Sunday, January 1, 2017

adoption update

Continuing on.....
That month of December was wonderful because it was Christmas time, but also very difficult. Although, I love December and was enjoying all of the holiday festivities, I had so much anxiety. I started to analyze everything I said and did. I started to think that if I did not say and do everything perfectly, this adoption would fall through. I started thinking that my works were not enough. Finally, one day, I was on the treadmill, and was reading in Ether 12. I realized that I always pray that the birth mother would be filled with grace. That strengthening and enabling power to do what she could not do on her own. I knew that placing a child for adoption is one of the most difficult things you can ever do, but something that I realized during this past month is that I need our Savior's grace more than ever.
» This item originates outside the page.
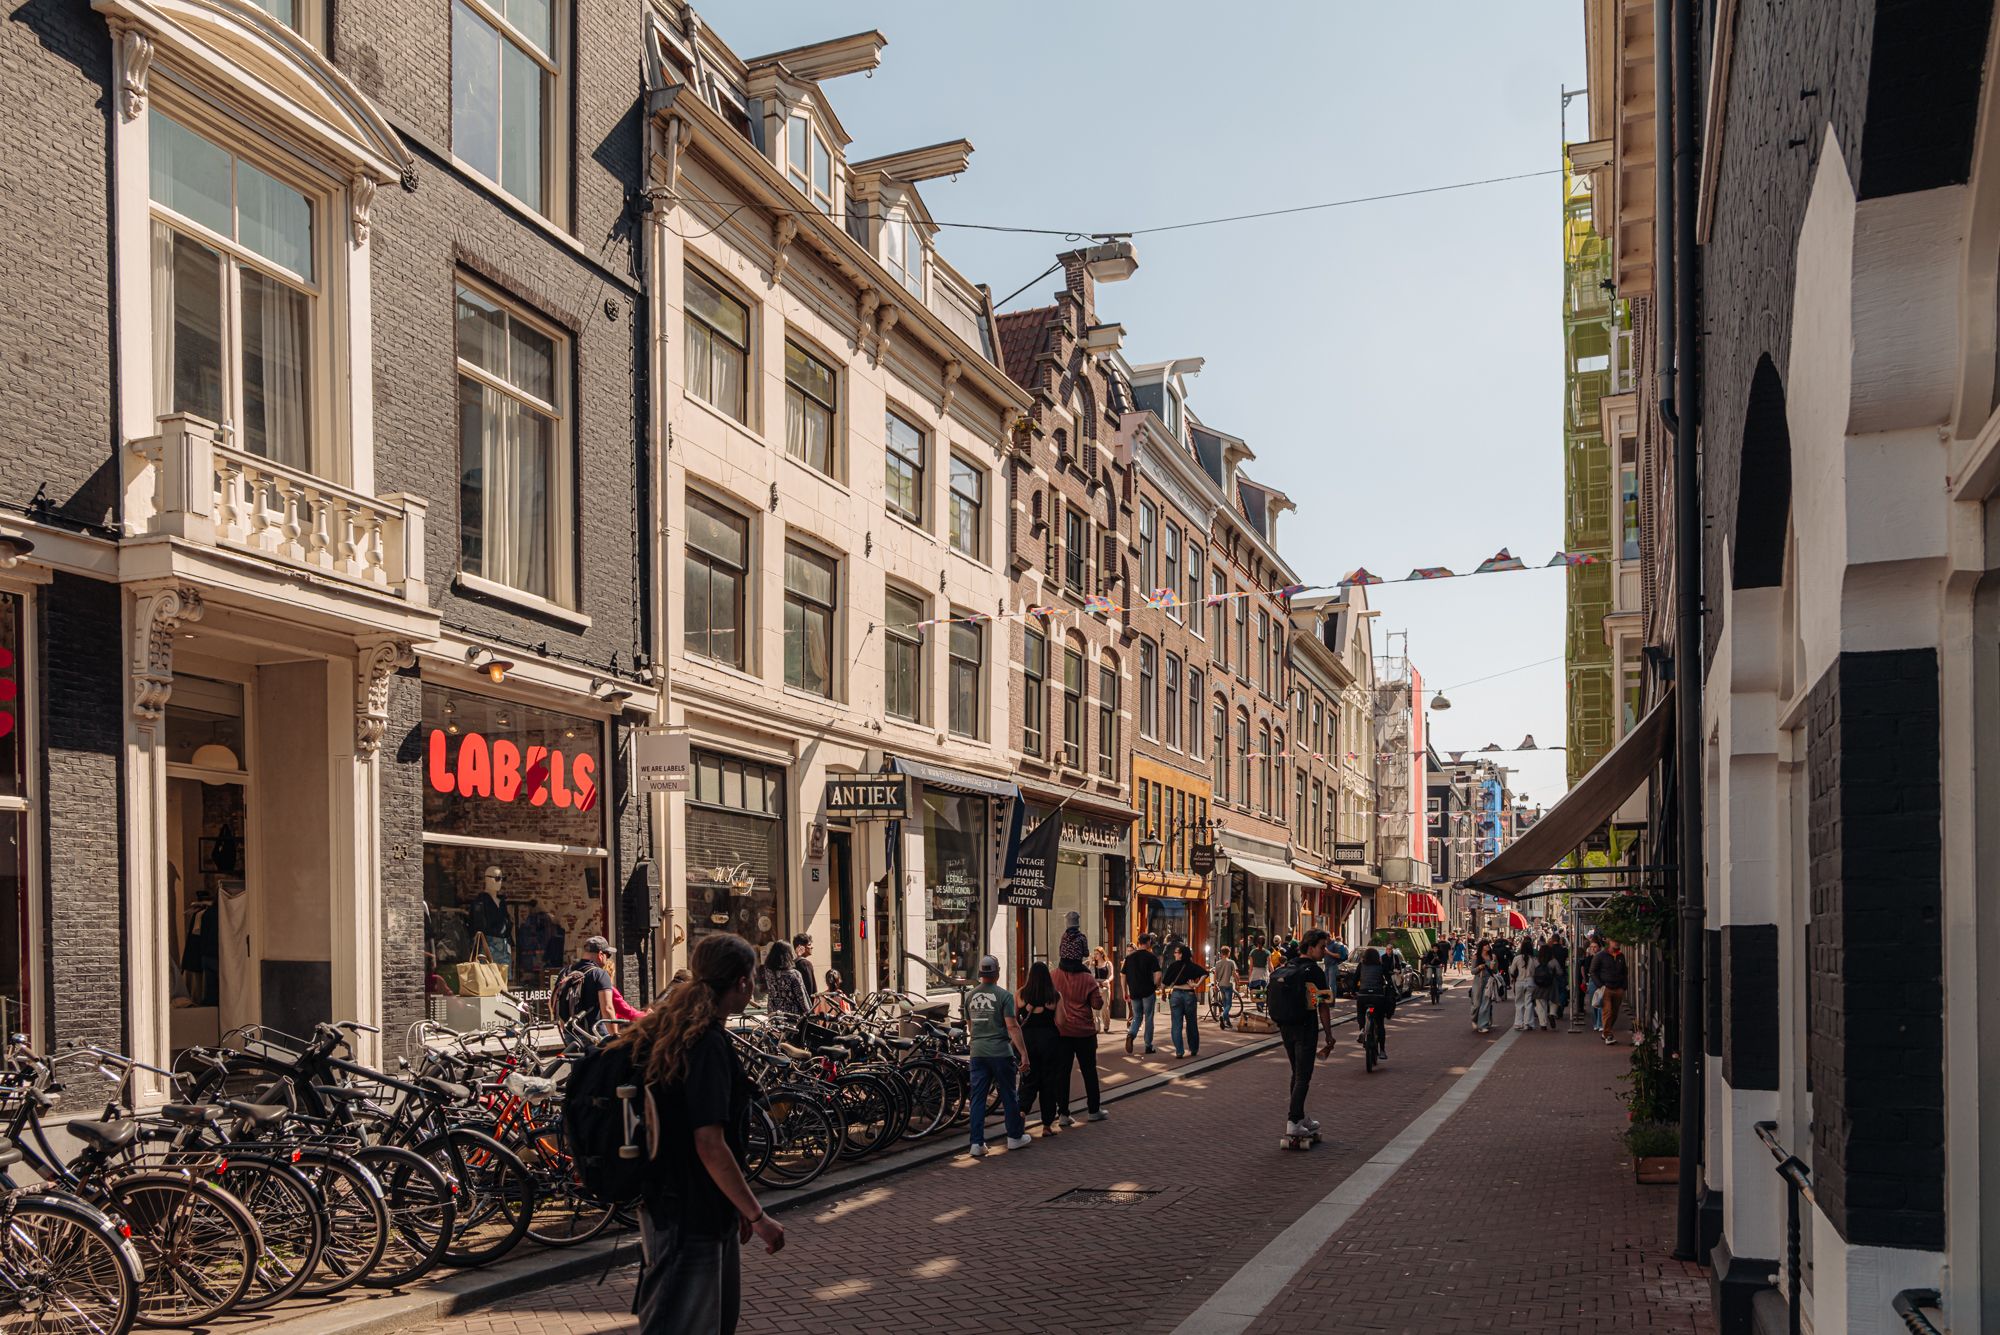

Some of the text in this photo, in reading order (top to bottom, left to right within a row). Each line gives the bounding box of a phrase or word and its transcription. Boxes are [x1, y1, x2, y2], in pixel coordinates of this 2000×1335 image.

This adoption was not brought about because of my perfect works, for I can't do enough to earn the right to be the twins mother, but this adoption was brought about because of a loving Heavenly Father. He knew that these twins belonged in our family and He brought Genesha and our family together. It seemed like very shortly after I felt the spirit and these truths were felt in my heart, I was able to let go of a lot of the anxiety that I felt about trying to be the perfect adoptive mother ALL THE TIME and always saying and doing the perfect thing. It seemed like my insecurities left and I was filled with faith and confidence again. I can't even explain how much I needed to feel our Heavenly Father's love and confidence throughout this past month. He has given me the strength and patience to keep moving forward having faith in Him.